Figure 2. Example of 2D-DIGE gel. Gel images were scanned immediately following the SDS-PAGE.

Each scan revealed one of the CyDye signals (Cy2, Cy3 and Cy5). Cy2 was used to normalize the signals from Cy3 and Cy5 channels. Overlay images were generated to compare different samples. The images shown were obtained from gel#14, CTX samples. A: proteome from sample E20, labeled with Cy3; B: proteome from sample A15, labeled with Cy5; C: overlay image generated from gel#14. In this case, a green spot represents an up-regulated protein in the CIE-2BC sample E20, compared to the Air-2BC sample A15. D: Overlay image and spot selection.
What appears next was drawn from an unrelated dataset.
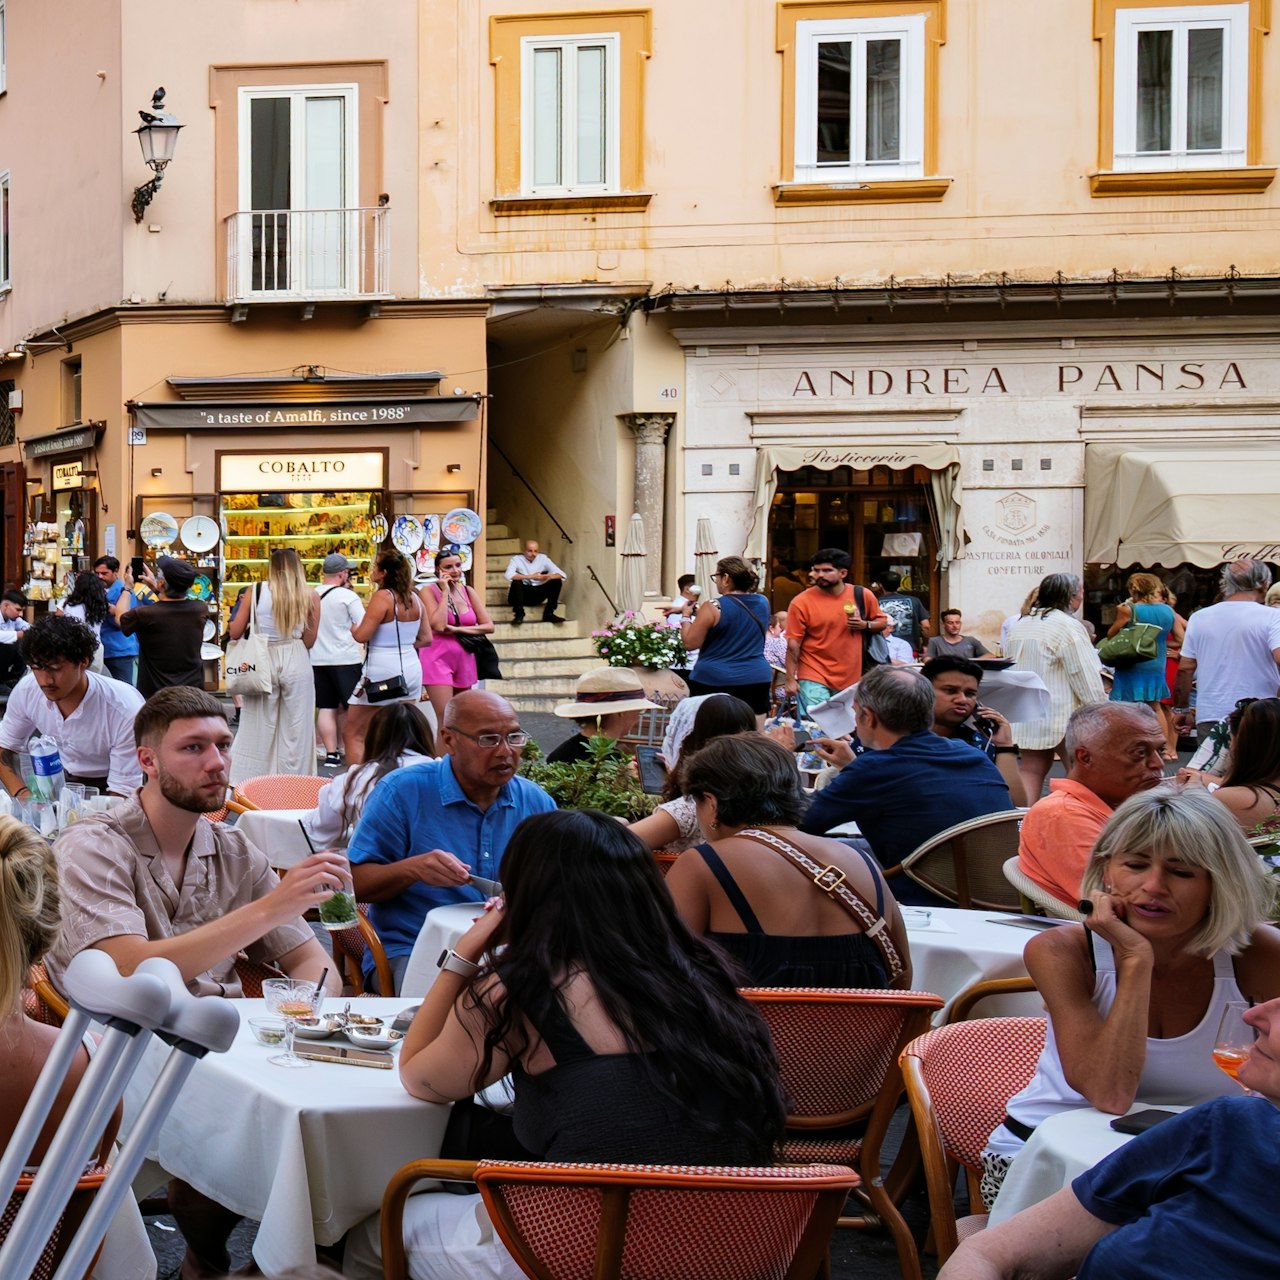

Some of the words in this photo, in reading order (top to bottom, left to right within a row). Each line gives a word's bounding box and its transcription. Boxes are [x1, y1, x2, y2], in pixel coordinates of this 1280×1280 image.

Single and overlay images were generated, and a comparative analysis of all spots was performed using DeCyder “in-gel” or “cross-gel” analysis software. Spots 1-96 were selected based on 1.25-fold and p<0.1 for protein ratio cut-off, allowing for the appearance of the spots in 27 out of 28 gels (81 out of 84 total images). Spots 97-178 were added by lowering the cut-off to 1.15-fold for the significance threshold, without restricting the spots based on p-values; also, the stringency was lowered so that the spots appeared in at least 23 out of 28 gels (69 out of 84 appearances). E: Experimental design for 2D-DIGE gels. Two samples and the internal standard (Int STD) were loaded in each gel. Fourteen gels were run with CTX samples and an additional fourteen gels were run with MB samples. The randomized sample order and the dye-swap design avoided experimental biases.